Türkiye’de yeni dönem: AK Parti kongresinin verdiği mesajla partili Cumhurbaşkanı dönemi fiilen başladı

1. YAZI İÇİN AK PARTİ KURULTAY BİNALİ YILDIRIMHer şey 20 gün içinde oldu bitti… AK Parti Merkez Karar ve Yönetim Kurulu’nun teşkilatları görevden alma ve atama yetkisini Genel Başkan’dan alma kararı durgun suya atılan taş gibi halka halka yayıldı.
Gelinen nokta ortada…
İlk kez bir başbakan, yüzde 50 oyla kazandığı seçimden 6 ay sonra kongre kararı aldı ve yeniden aday olmayıp bıraktığı kongreden yeni genel başkan ile birlikte siyaseten ilkler ve onun devamında da yeni Türkiye tablosu çıktı.
Kısacası…
Pazar günü kongreyle birlikte partili Cumhurbaşkanı dönemi fiilen başladı.
İlk işareti de divan başkanı Bekir Bozdağ verdi:
“Sayın Cumhurbaşkanım, biliyoruz ki fiziken aramızda olamasanız da manen aramızdasınız. Halkımızın dediği gibi, partimiz ‘Tayyip’in partisi’dir ve ‘Tayyip’in partisi’ olarak kalmaya devam edecektir. Sayın Cumhurbaşkanımızı AK Parti’den ayrı düşünmek mümkün değildir. AK Partinin tek lideri vardır o da Sayın Recep Tayyip Erdoğan’dır. Bundan sonra da olduğu gibi seçilmiş cumhurbaşkanı ile başbakanın uyumlu çalışması Türkiye’nin gücüne güç katacaktır.”
Bu sözlerde…
İlk kez bir siyasi parti kongresinde Cumhurbaşkanı ile parti bağı bu kadar net ve güçlü vurgulanıyor.
Aynı vurguyu…
“Recep Tayyip Erdoğan’ın yolu” sözleriyle AK Parti’nin yeni genel başkanı Binali Yıldırım da yaptı.
Yine ilk kez bir siyasi partinin kongresinde kurucusu sıfatıyla Cumhurbaşkanı mesajı okundu ve salonun tamamı mesajı ayakta dinleyerek bağlılık gösterdi.
Bize göre…
Türkiye’nin önünde artık yeni bir dönem var.
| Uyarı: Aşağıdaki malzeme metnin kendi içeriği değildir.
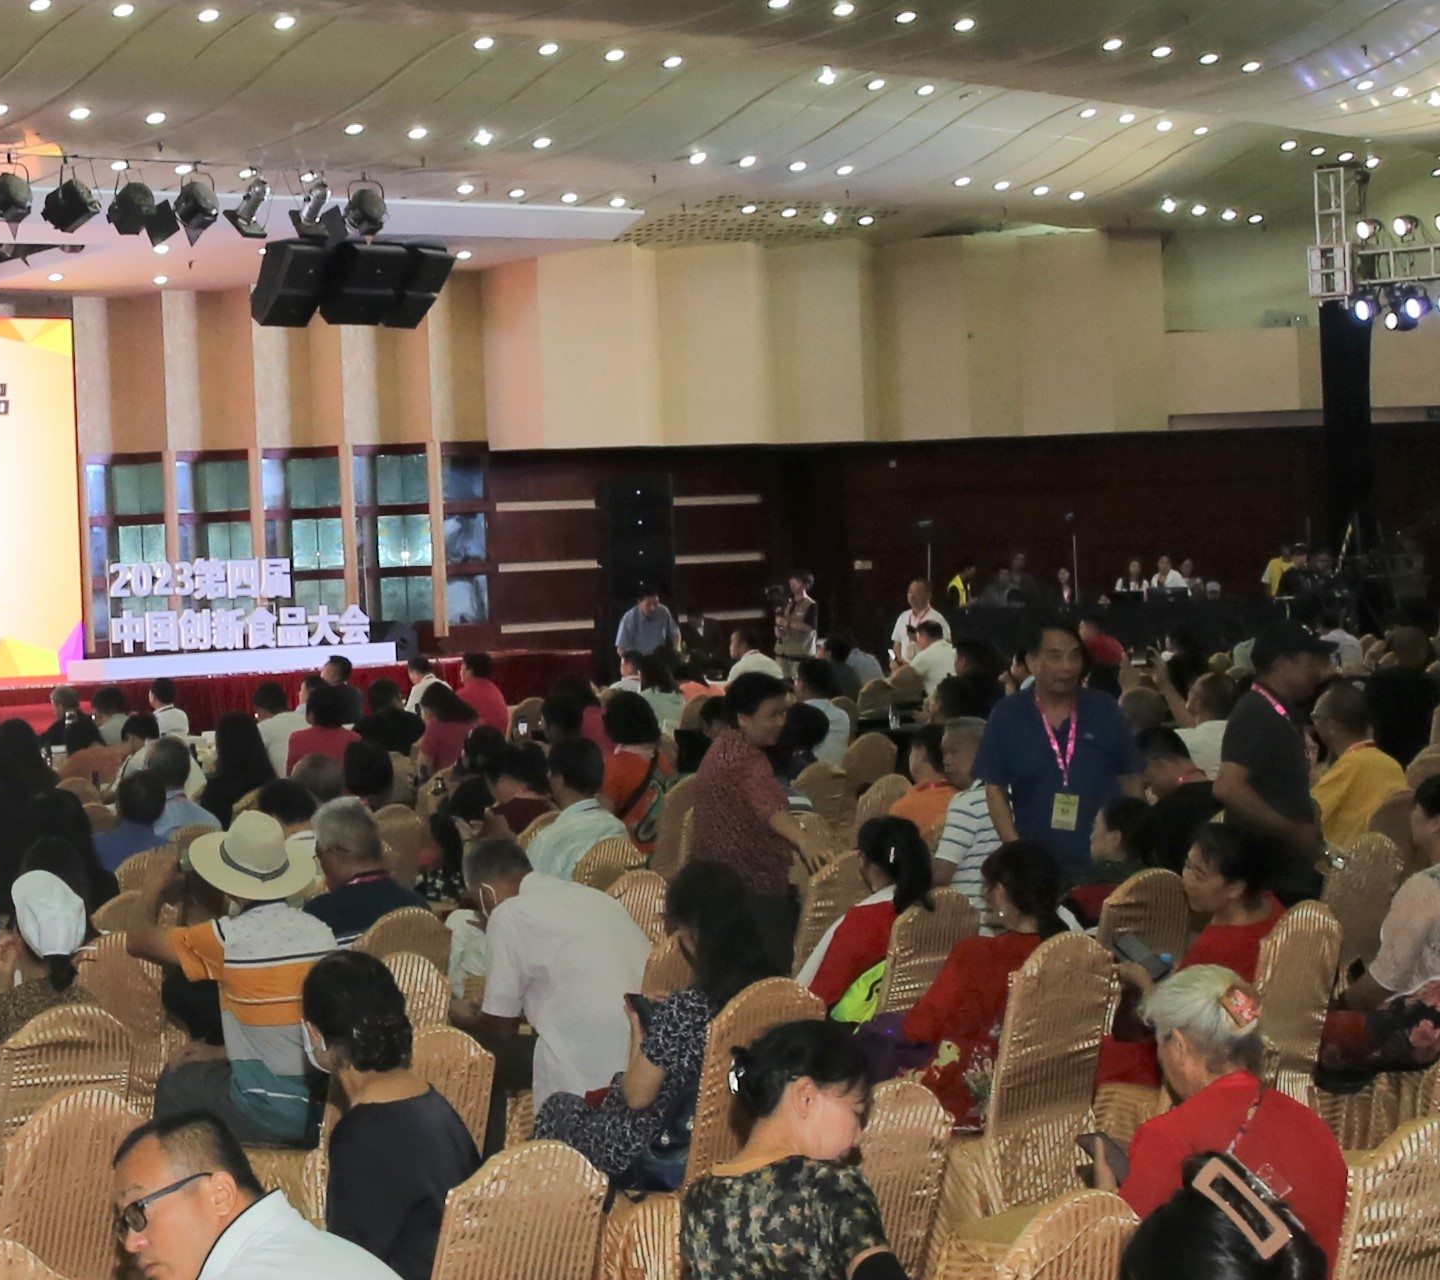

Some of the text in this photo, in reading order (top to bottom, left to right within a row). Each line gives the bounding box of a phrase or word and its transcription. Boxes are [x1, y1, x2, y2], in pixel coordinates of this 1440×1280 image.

[109, 556, 292, 600] 2023第四届
[110, 604, 371, 653] 中国创新食品大会
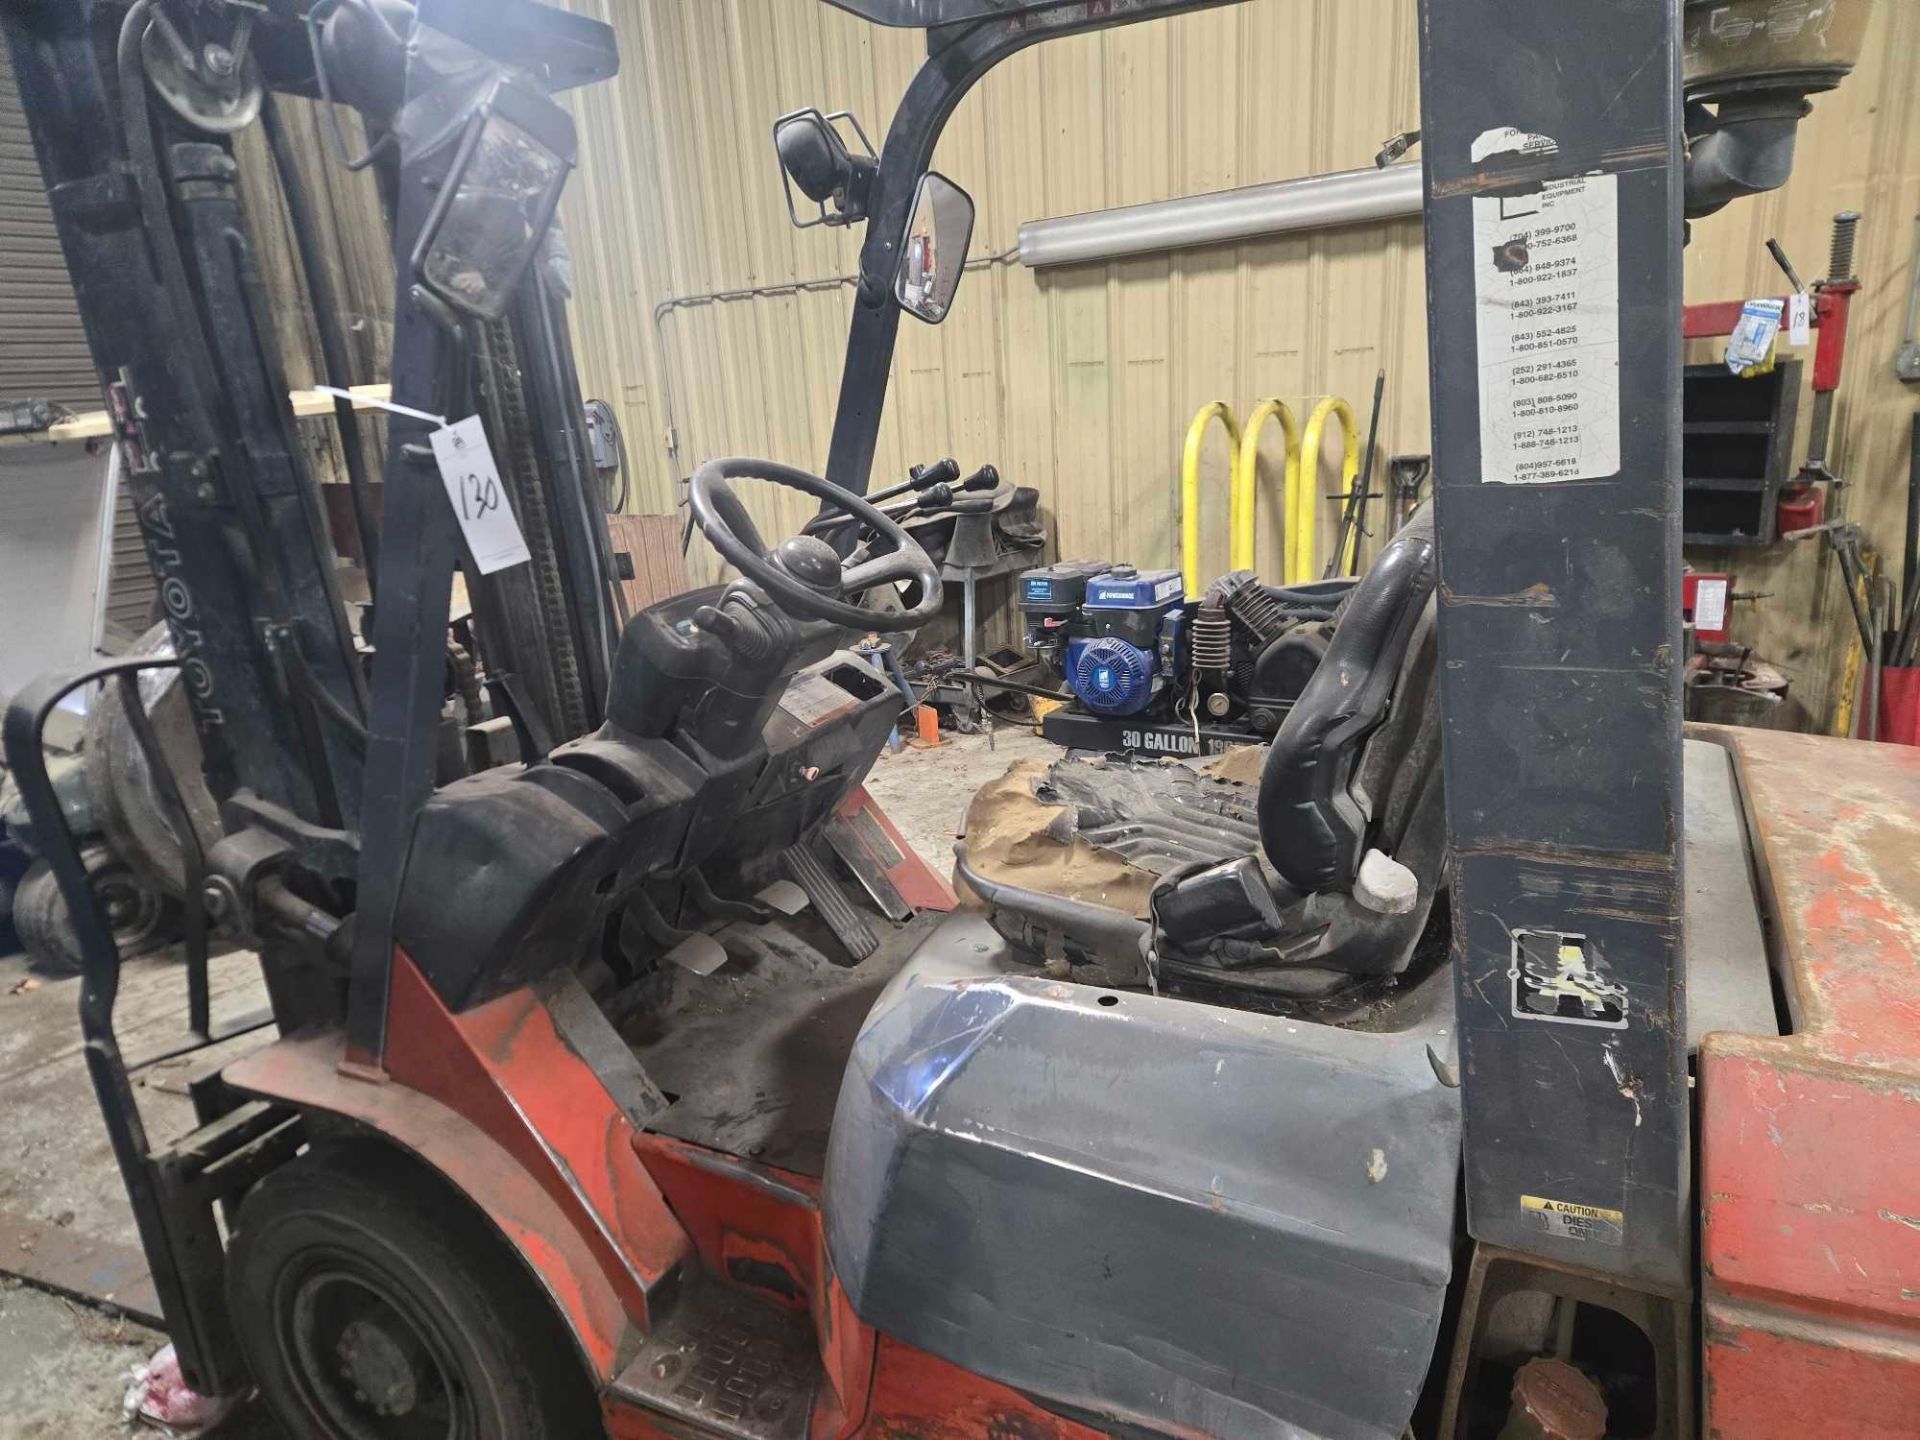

Bunun da iki aşamalı bir süreç olduğu anlaşılıyor.
Birincisi…
Cumhurbaşkanı’nın partisiyle ilişkisini kesmesini isteyen Anayasa’nın 101. Maddesi fiilen işlevsiz hale geldi. Anlaşılan o ki, atılacak ilk adım bu olacak.
Onu izleyecek adımı da, konuşmasında “Yapmamız gereken yeni anayasa ve başkanlık sistemidir” diyen Yıldırım açıkladı.
Akla şu gelebilir:
Bu değişiklikleri yapmak o kadar kolay mı?
Cevabı vermek için dünkü kongre mesajına bir kez daha bakmak ve çıkabilecek engeli konuşmak gerekiyor.
Örneğin…
Davutoğlu süreç başladığından beri “Benim arzu ettiğim bir şey değildi” ifadesini kullanıyor, ama partisinden karşılık bulmuyor. Pazar günü kongrede söylediğinde de hafif sitem olmaktan öteye geçmedi. Siyaset ise izleyiciliğin ötesine geçemiyor.
Doğal olarak…
Toplum da önce kavramlara, sonra uygulamalara alışıyor.